Luke Dean

Personal information
- Full name: Luke Adam Dean
- Date of birth: 14 May 1991 (age 35)
- Place of birth: Cleckheaton, England
- Position: Midfielder

Team information
- Current team: Brighouse Town

Youth career
- 2002–2009: Bradford City

Senior career*
- Years: Team / Apps / (Gls)
- 2009–2012: Bradford City / 3 / (0)
- 2009: → Halifax Town (loan) / 1 / (0)
- 2011: → Ossett Town (loan) / 2 / (0)
- 2011: → Hinckley United (loan) / 7 / (2)
- 2011: → Harrogate Town (loan) / 4 / (1)
- 2012: → Harrogate Town (loan) / 6 / (0)
- 2012–2013: Harrogate Town / 26 / (5)
- 2013: Bradford Park Avenue / 1 / (0)
- 2013–2014: Workington / 3 / (0)
- 2014–2015: Harrogate Town / 4 / (0)
- 2015: → Bradford Park Avenue (loan) / 19 / (1)
- 2015–2017: Bradford Park Avenue / 60 / (4)
- 2017–2019: Scarborough
- 2019–2020: Matlock Town / 0 / (0)
- 2020–2022: Yorkshire Amateur / 30 / (0)
- 2022–2023: Guiseley / 13 / (1)
- 2023: Liversedge / 5 / (0)
- 2023–: Brighouse Town / 0 / (0)

= Luke Dean (footballer, born 1991) =

English footballer

Luke Adam Dean (born 14 May 1991) is an English professional footballer who plays as a midfielder for Brighouse Town.

==Career==
Dean joined Bradford City's centre of excellence in 2002. He made his club debut against Morecambe on 13 April 2010. becoming the first Asian home grown player to make his debut as a professional for Bradford City. He rewarded with a contract on 16 June 2010 but suffered a setback when he broke his leg in a pre-season friendly.

Dean moved to Ossett Town on loan in March 2011 but was recalled a month later by new Bradford City manager Peter Jackson. Luke Dean was the only player of the 2011 Bradford City out of contract players to be handed a new contract, which would keep him at the club until at least June 2012.

In August 2011, he joined Hinckley United on a month-long loan deal, alongside Darren Stephenson. In May 2012, Dean was released from Bradford . He signed for Harrogate Town of the Conference North in the summer of 2012.
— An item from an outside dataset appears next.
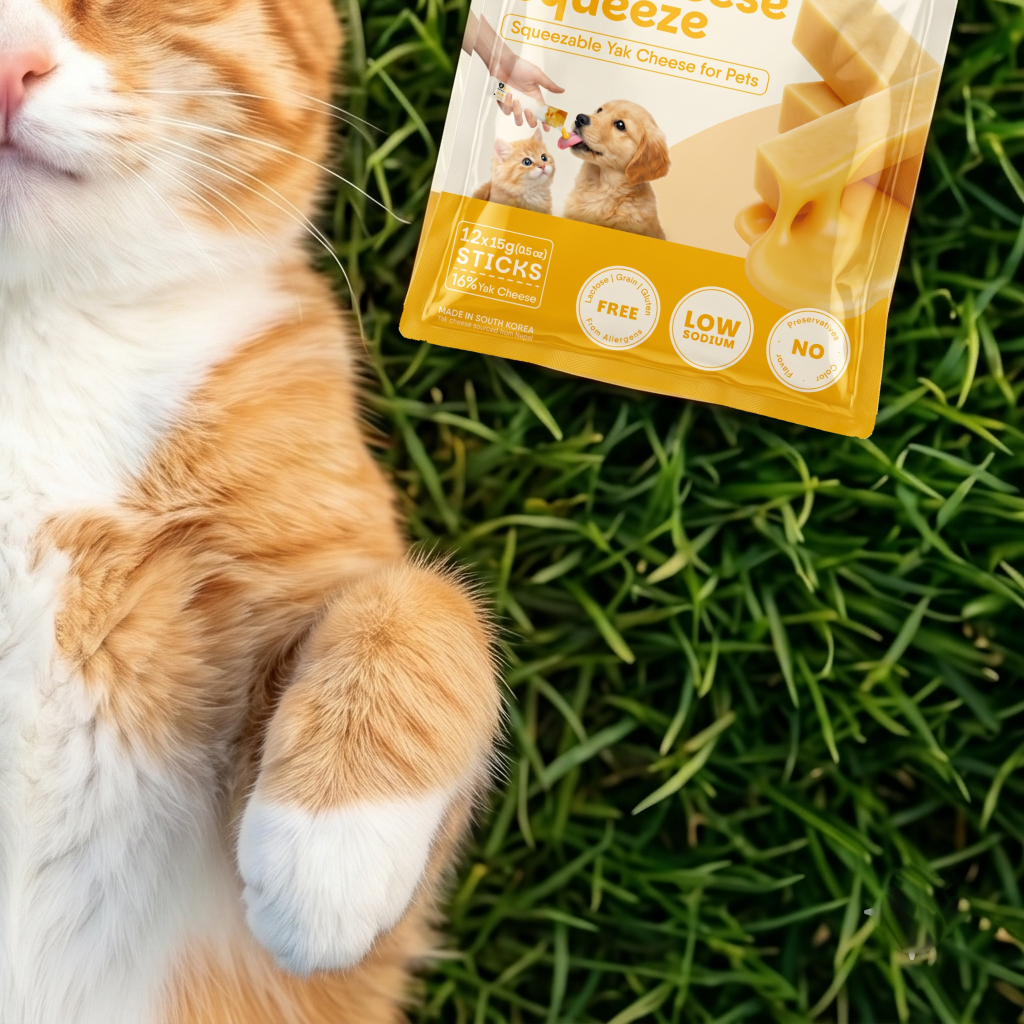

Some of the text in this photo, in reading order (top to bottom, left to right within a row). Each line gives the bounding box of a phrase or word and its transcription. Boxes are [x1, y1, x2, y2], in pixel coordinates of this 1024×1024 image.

In January 2015, Dean signed a one-month loan deal for Bradford Park Avenue In February 2015, Bradford Park Avenue and Harrogate Town agreed to extend the loan deal until the end of the 2014–15 season.
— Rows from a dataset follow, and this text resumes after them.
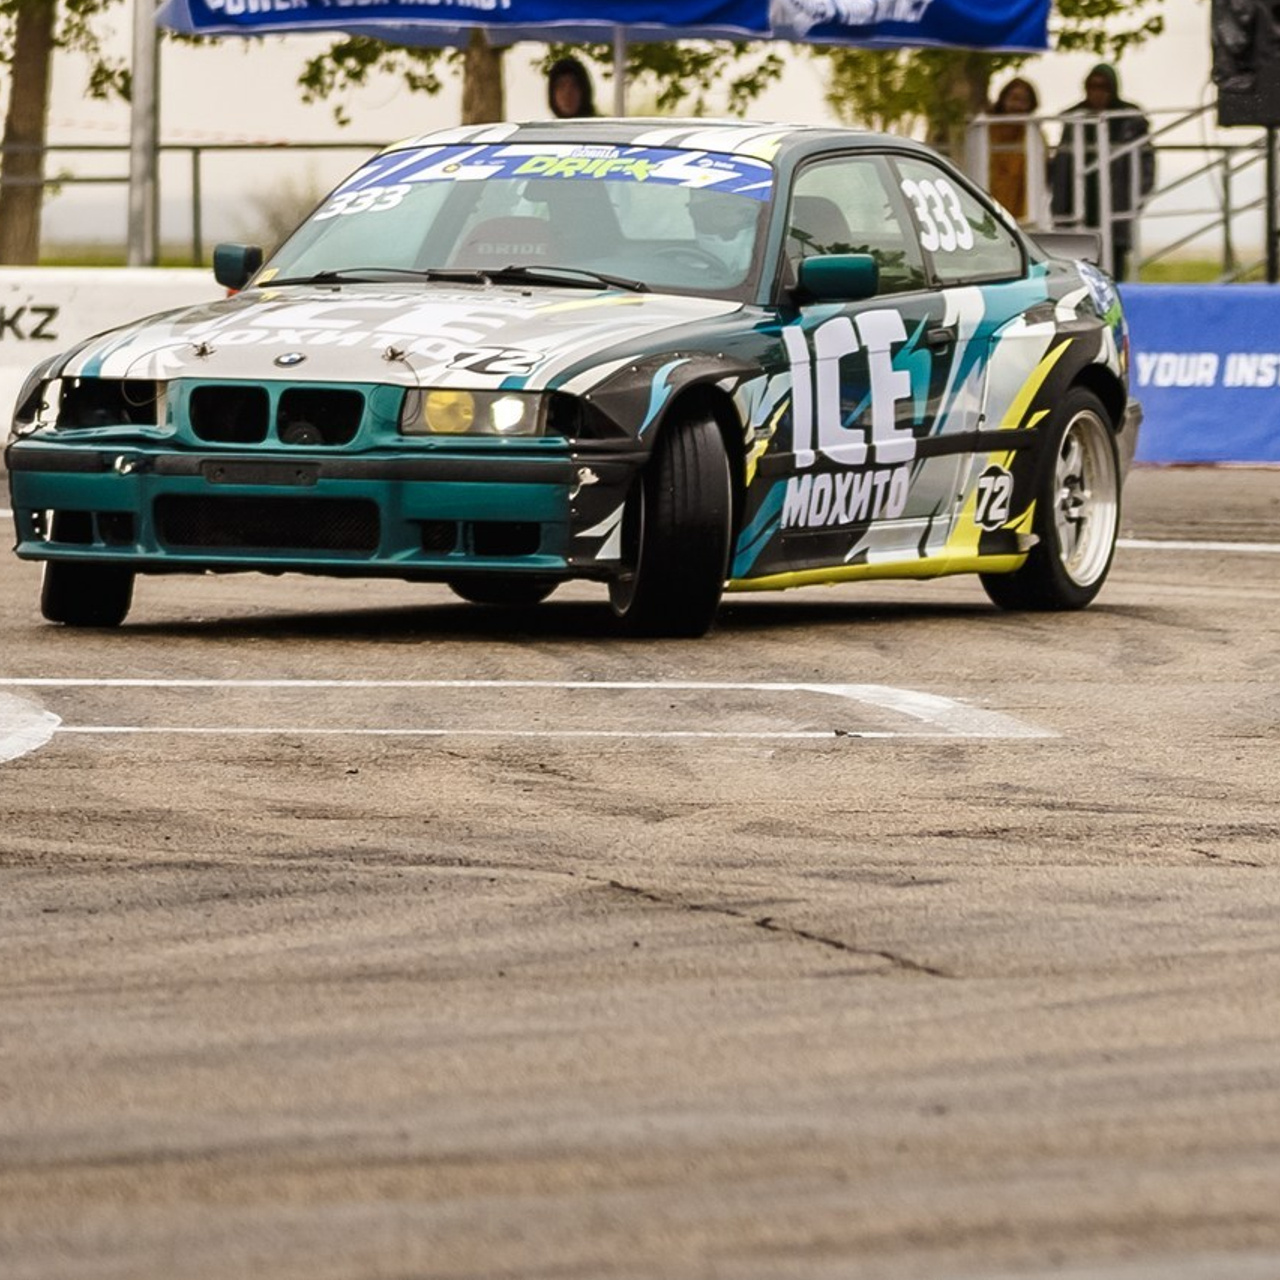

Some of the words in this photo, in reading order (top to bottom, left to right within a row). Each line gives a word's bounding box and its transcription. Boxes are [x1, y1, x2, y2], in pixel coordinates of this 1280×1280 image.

[313, 184, 412, 221] 333
[901, 179, 974, 252] 333
[447, 347, 544, 374] 72
[1135, 352, 1219, 387] YOUR
[781, 309, 917, 468] ICE
[975, 475, 1011, 522] 72
Dean joined Scarborough on 25 May 2017. He played for the club until May 2019, where he signed with Matlock Town.

In June 2022, Dean joined Guiseley following their relegation from the National League North. In January 2023, he joined Liversedge. Having been unable to prevent Liversedge's relegation, he joined Brighouse Town in June 2023.